The role of multi-scale interaction on subseasonal prediction of extreme events

June-Yi Lee1,2, Pang-Chi Hsu3, Doo-Young Lee1, Young-Min Yang3, and Jinhui Xie3
June-Yi Lee et al.
  • 1Research Center for Climate Sciences, Pusan National University, Busan, South Korea
  • 2Center for Climate Physics, Institute for Basic Science, Busan, South Korea
  • 3Key Laboratory of Meteorological Disaster, Ministry of Education/International Joint Research Laboratory on Climate and Environment Change/Collaborative Innovation Center on Forecast and Evaluation of Meteorological Disasters, Nanjing University of Inform

The northward/northwestward propagation of boral summer intraseasonal oscillation (BSISO) modulates the subtropical variability ad typhoon activity and has significant impacts on the extreme weather and climate events in Asia. BSISO strongly interacts with background mean fields and tends to be stronger and longer in its northward propagation during La Nina than El Nino summers. It is further found that BSISO-related convections are stronger and more organized with northward propagation on 30-60-day timescales during El Nino developing than decaying summers over the western Pacific.
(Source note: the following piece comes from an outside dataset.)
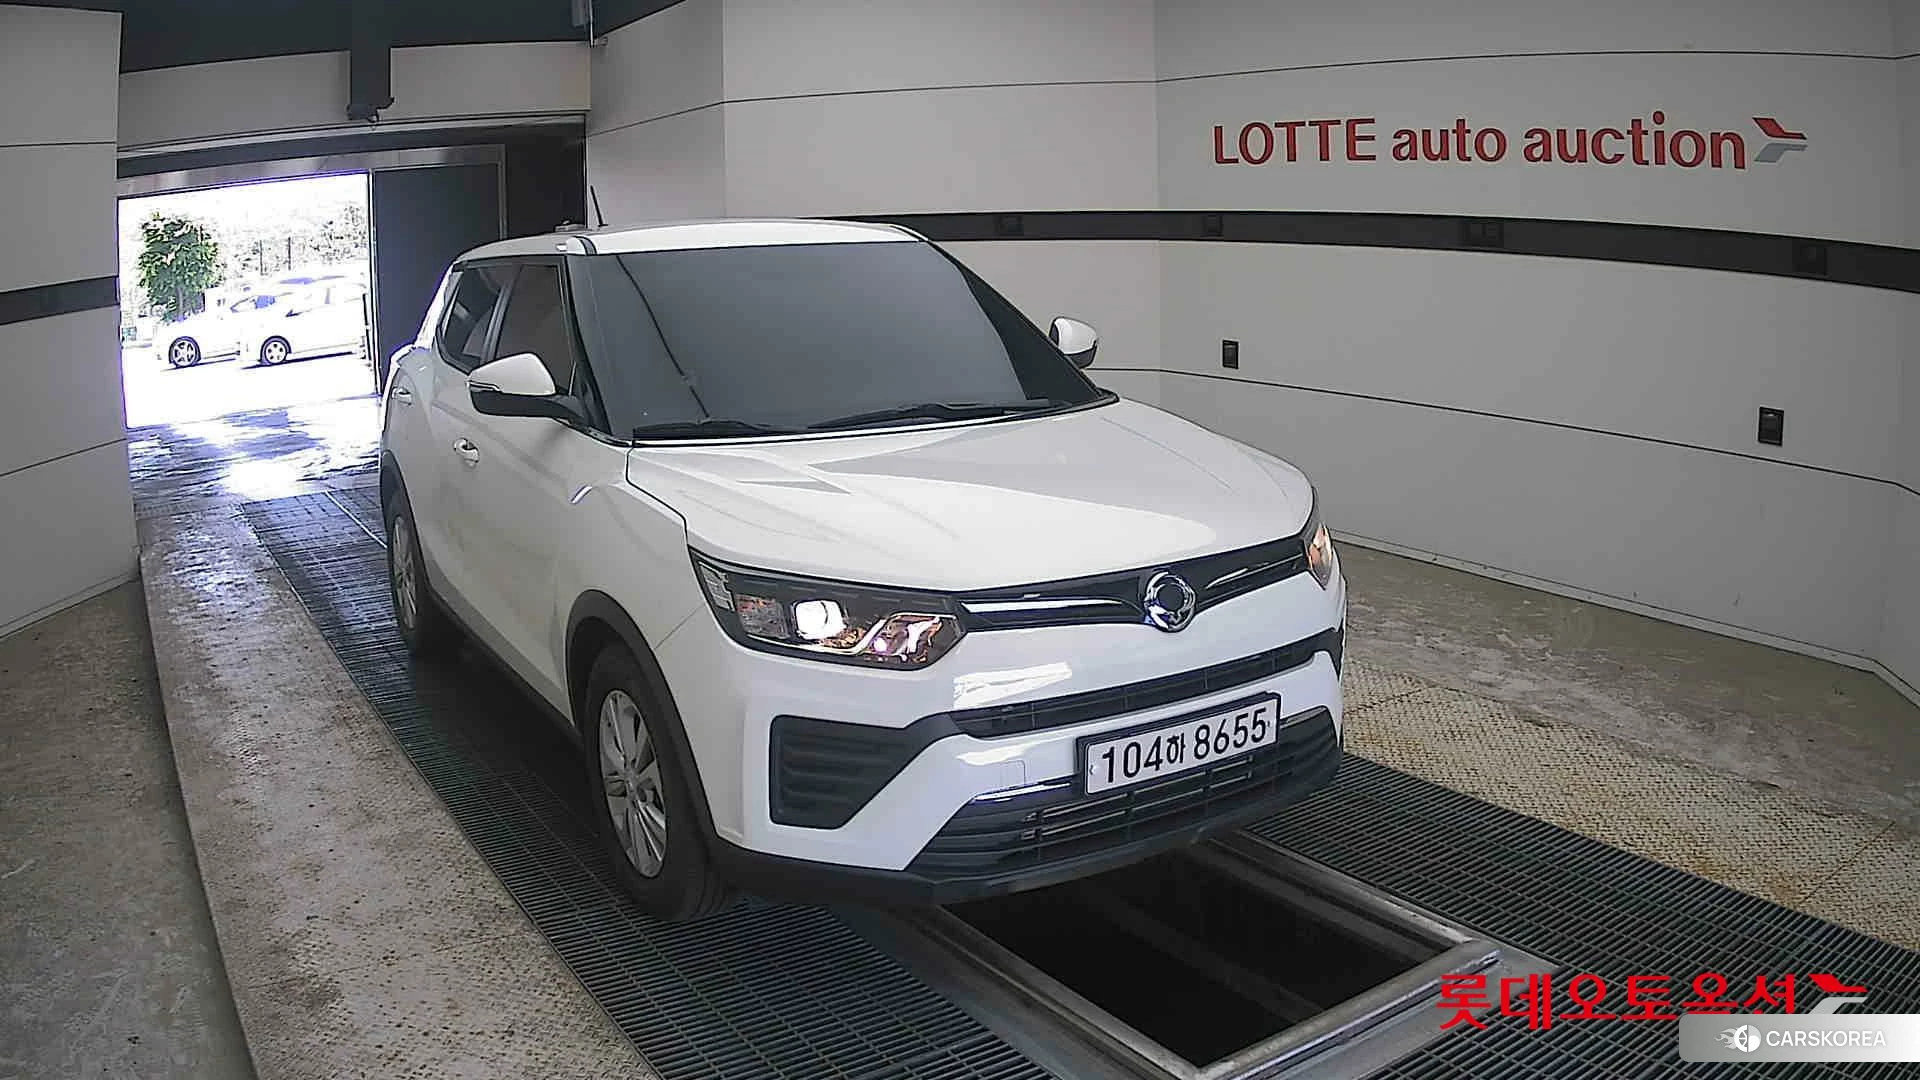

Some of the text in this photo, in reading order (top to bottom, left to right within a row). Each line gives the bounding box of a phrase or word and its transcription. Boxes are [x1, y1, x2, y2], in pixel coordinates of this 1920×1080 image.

[1213, 111, 1746, 169] LOTTE auto auction
[1102, 707, 1268, 784] 104하 8655
Thus, for skillful subseasonal prediction of extreme events in Asia, it is crucial for climate models to well represent BSISO and its interaction with the background mean state and synoptic variability. Our case study shows that the rare extreme flooding event in Henan Province, China, during July 2021 (referred to as the “21.7” flooding event) was a result of scale interactions between the background mean field associated with the weak La Nina condition, intraseasonal oscillations, and synoptic disturbances. The two distinct modes of the BSISO (10-30- and 30-90-day modes) unusually had a crucial combined role in moisture convergence, aided by the increased seasonal-mean moisture content, maintaining persistent rainfall during the 21.7 event. Synoptic-scale moisture convergence was also contributed to the extreme values in the peak day of the event. The five state-of-the art subseasonal-to-seasonal prediction models showed limited skills in predicting this extreme event one to two weeks in advance, partly because of their biases in representing the BSISO and multiscale interactions. Our results highlight that an accurate prediction of subseasonal perturbations and their interactions with the background moisture content is crucial for improving the extended-range forecast skill of extreme precipitation events.

How to cite: Lee, J.-Y., Hsu, P.-C., Lee, D.-Y., Yang, Y.-M., and Xie, J.: The role of multi-scale interaction on subseasonal prediction of extreme events, EGU General Assembly 2023, Vienna, Austria, 24–28 Apr 2023, EGU23-17423,, 2023.